■ **Assignment**: When a picture appears among the records, leave it out, and copy all else exactly.

■ **Input records**:
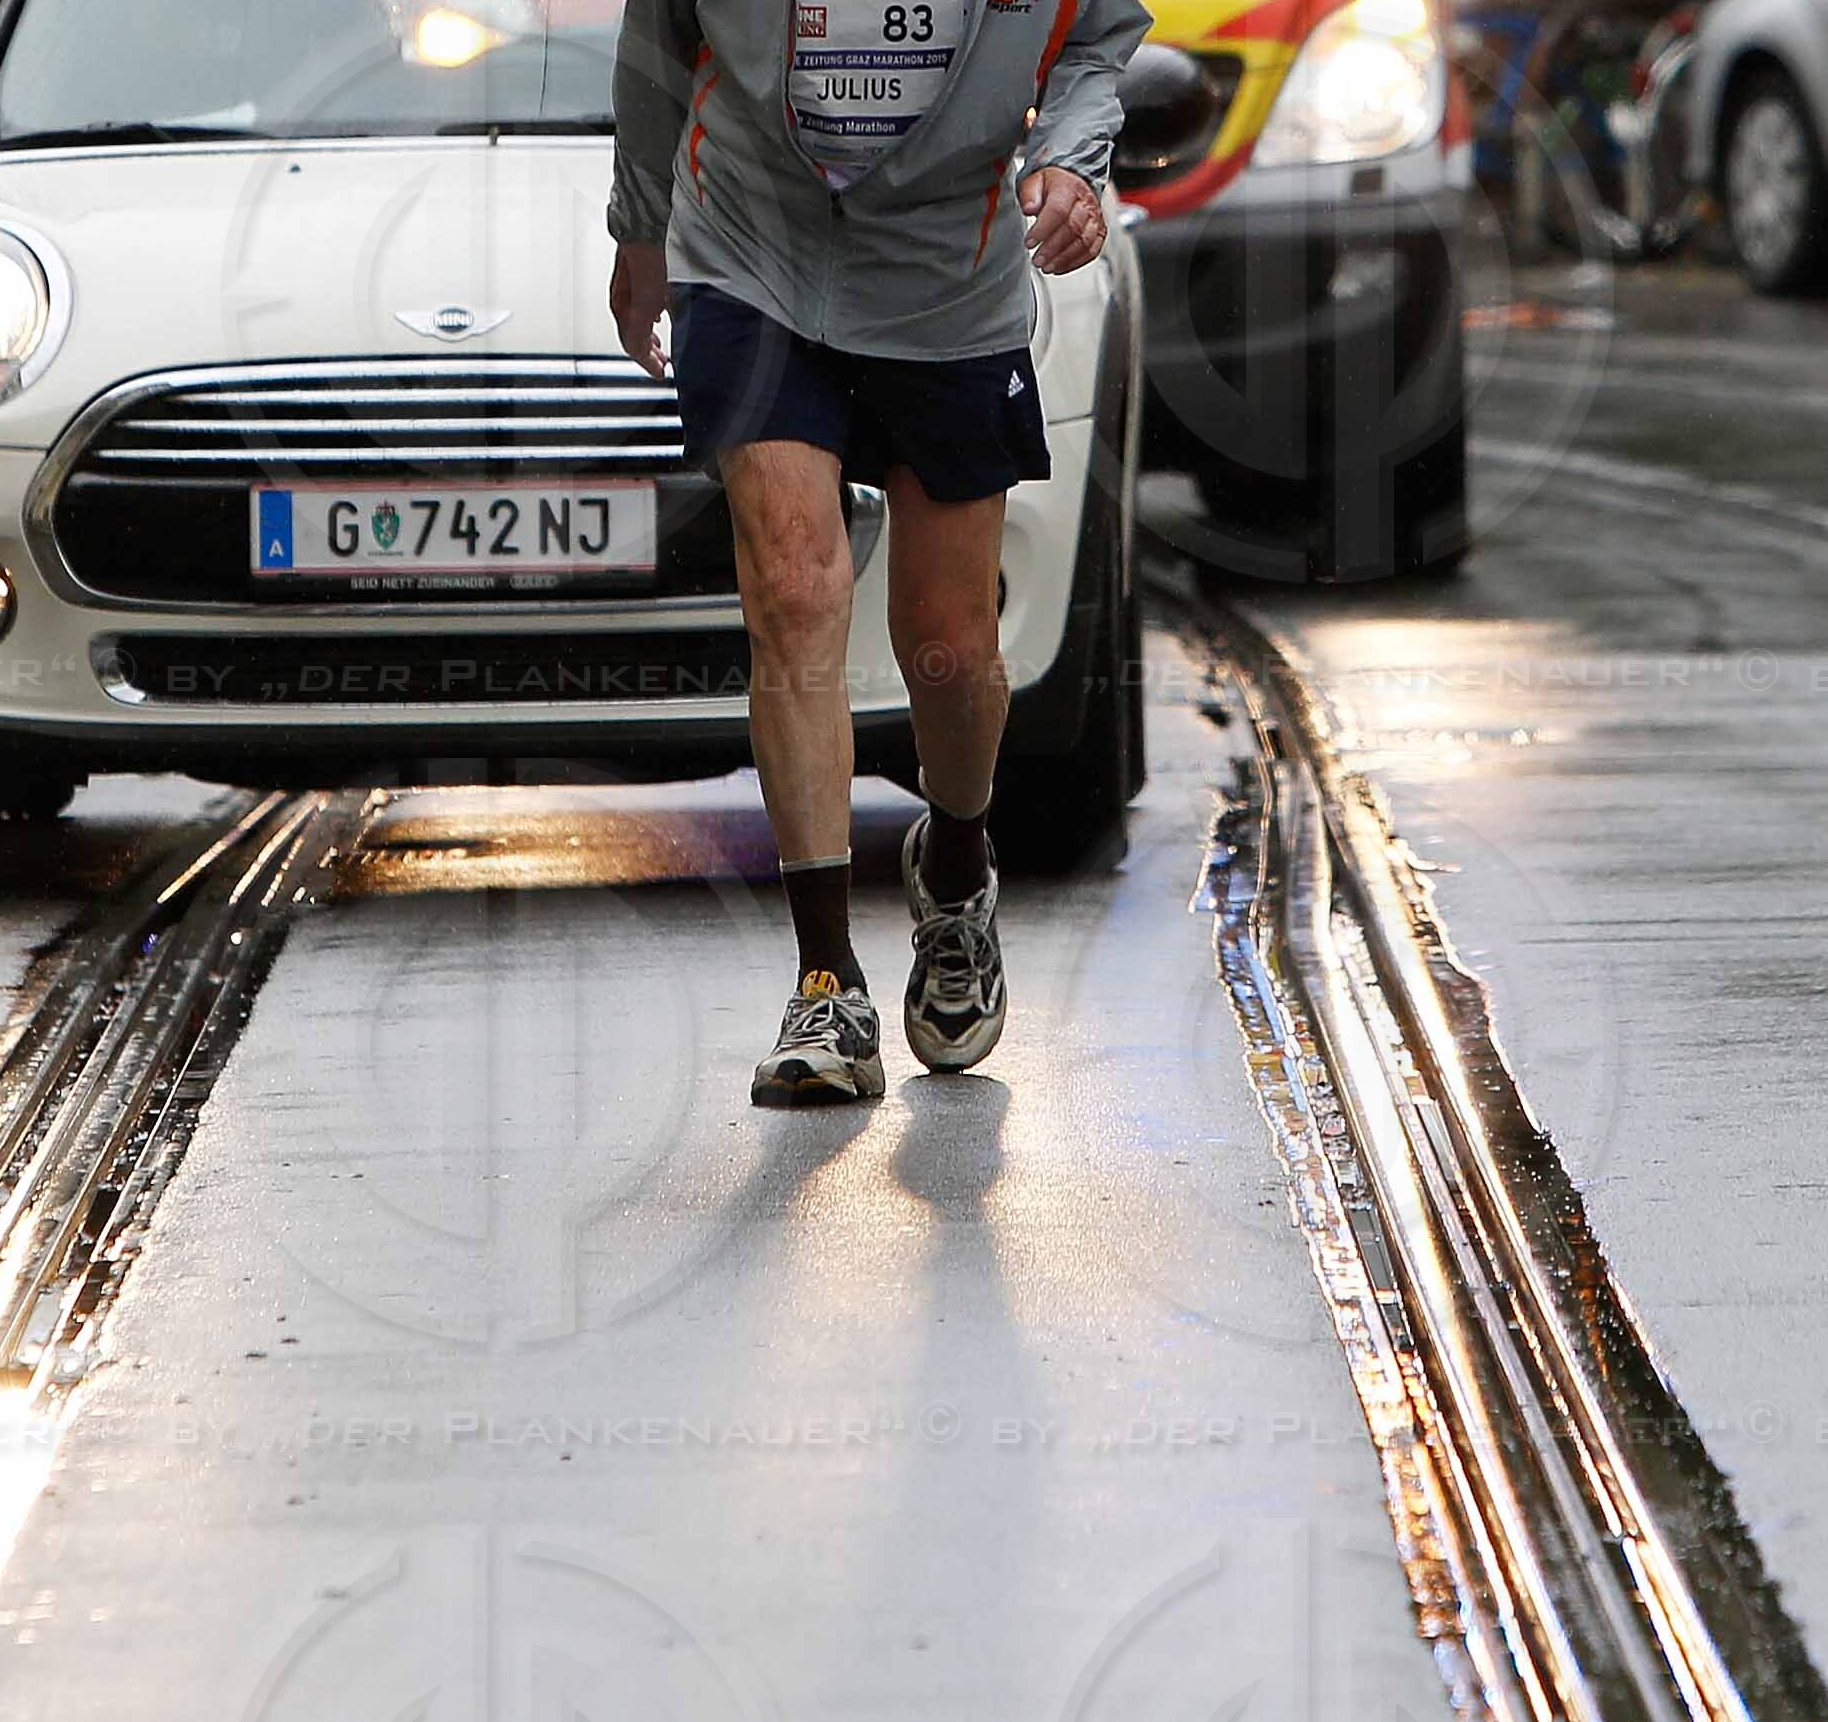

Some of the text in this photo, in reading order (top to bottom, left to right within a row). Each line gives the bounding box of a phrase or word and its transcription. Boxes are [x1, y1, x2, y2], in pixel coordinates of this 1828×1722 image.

[882, 4, 935, 43] 83
[804, 53, 948, 66] ZEITUNG GRAZ MARATHON 2015
[816, 77, 902, 101] JULIUS
[846, 121, 896, 133] Marathon
[435, 312, 471, 327] MINI
[327, 496, 609, 557] G 742 NJ
[268, 539, 284, 557] A

■ **Answer to the exercise**:
Some of the text in this photo, in reading order (top to bottom, left to right within a row). Each line gives the bounding box of a phrase or word and its transcription. Boxes are [x1, y1, x2, y2], in pixel coordinates of this 1828×1722 image.

[882, 4, 935, 43] 83
[804, 53, 948, 66] ZEITUNG GRAZ MARATHON 2015
[816, 77, 902, 101] JULIUS
[846, 121, 896, 133] Marathon
[435, 312, 471, 327] MINI
[327, 496, 609, 557] G 742 NJ
[268, 539, 284, 557] A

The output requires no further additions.